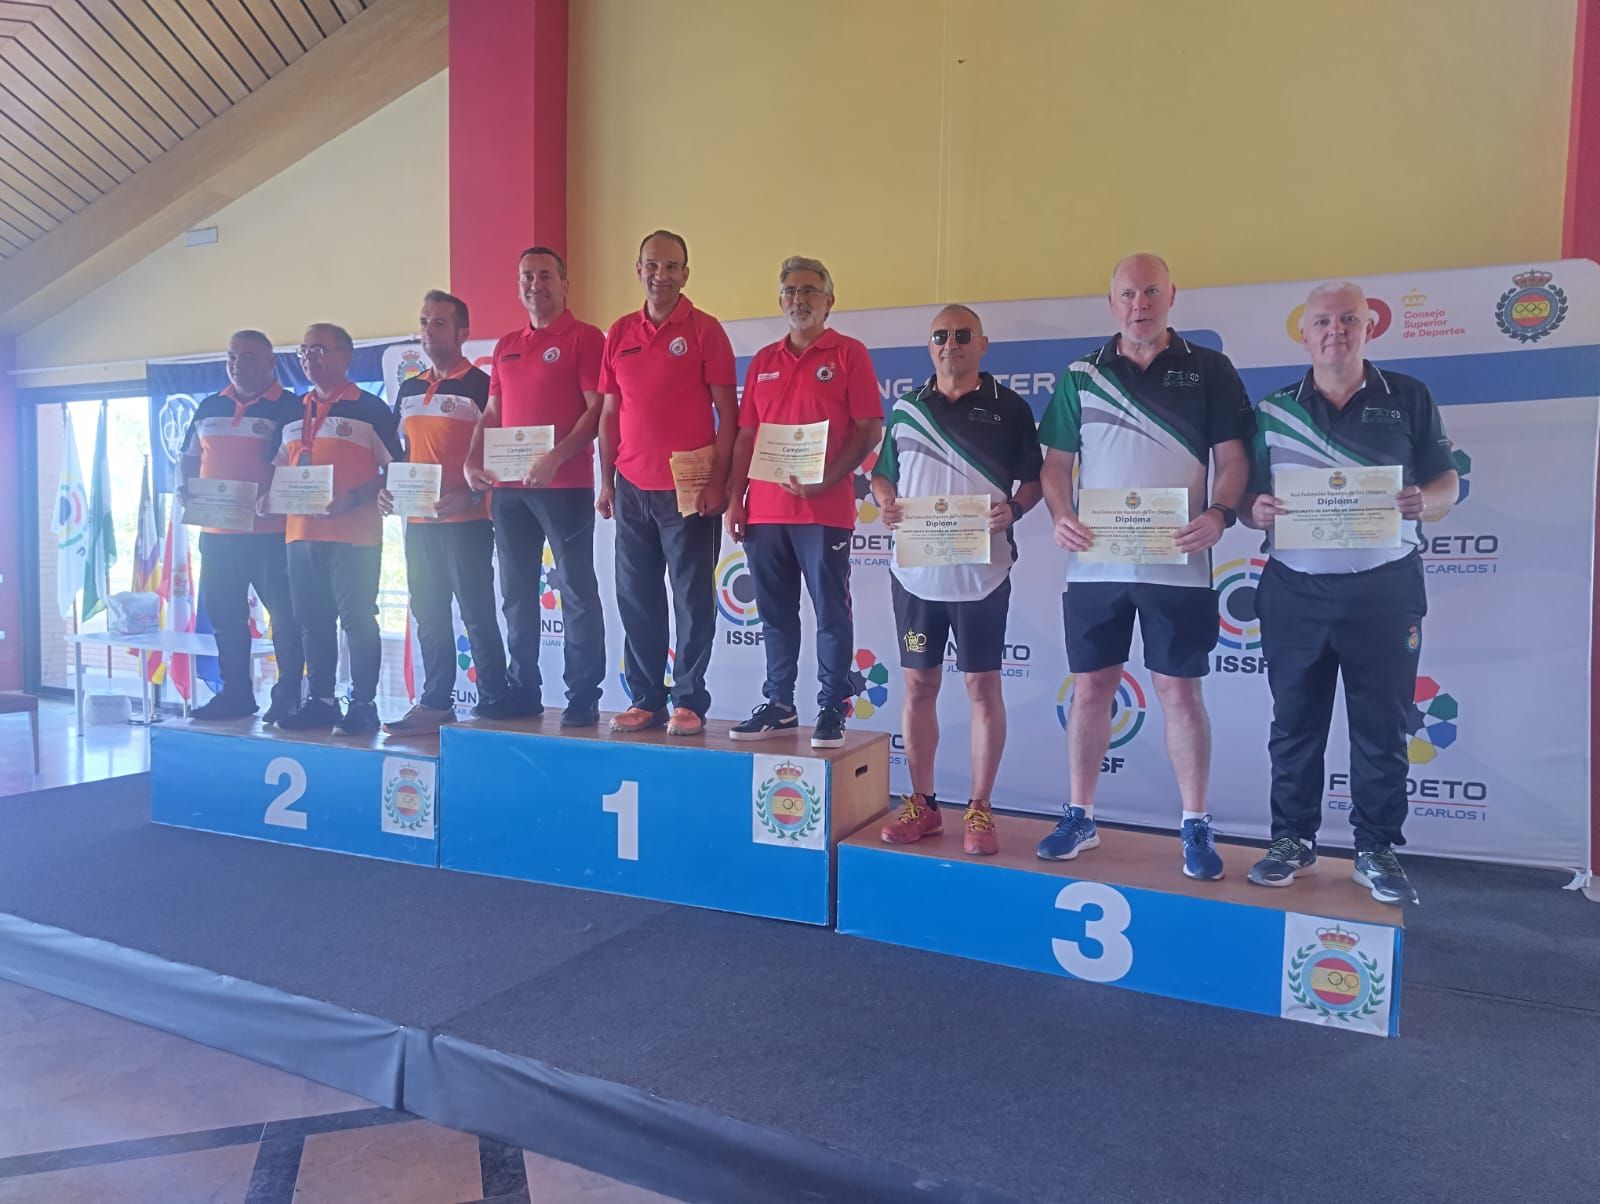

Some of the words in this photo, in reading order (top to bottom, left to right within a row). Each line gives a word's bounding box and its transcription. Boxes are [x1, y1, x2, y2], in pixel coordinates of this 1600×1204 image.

[1404, 309, 1445, 319] Consejo
[1404, 318, 1448, 329] Superior
[1403, 330, 1416, 338] de
[1418, 327, 1466, 338] Deportes
[1317, 497, 1359, 507] Diploma
[926, 520, 957, 528] Diploma
[1115, 516, 1151, 524] Diploma
[1425, 564, 1488, 574] CARLOS
[1493, 564, 1497, 573] I
[726, 631, 764, 646] ISSF
[1215, 655, 1269, 674] ISSF
[264, 756, 308, 831] 2
[1414, 807, 1477, 820] CARLOS
[602, 780, 639, 861] 1
[1051, 881, 1133, 982] 3

#### Work item:
Pictures aside, retype all of the entries word for word.

#### Response to the exercise:
Some of the words in this photo, in reading order (top to bottom, left to right within a row). Each line gives a word's bounding box and its transcription. Boxes are [x1, y1, x2, y2], in pixel coordinates of this 1600×1204 image.

[1404, 309, 1445, 319] Consejo
[1404, 318, 1448, 329] Superior
[1403, 330, 1416, 338] de
[1418, 327, 1466, 338] Deportes
[1317, 497, 1359, 507] Diploma
[926, 520, 957, 528] Diploma
[1115, 516, 1151, 524] Diploma
[1425, 564, 1488, 574] CARLOS
[1493, 564, 1497, 573] I
[726, 631, 764, 646] ISSF
[1215, 655, 1269, 674] ISSF
[264, 756, 308, 831] 2
[1414, 807, 1477, 820] CARLOS
[602, 780, 639, 861] 1
[1051, 881, 1133, 982] 3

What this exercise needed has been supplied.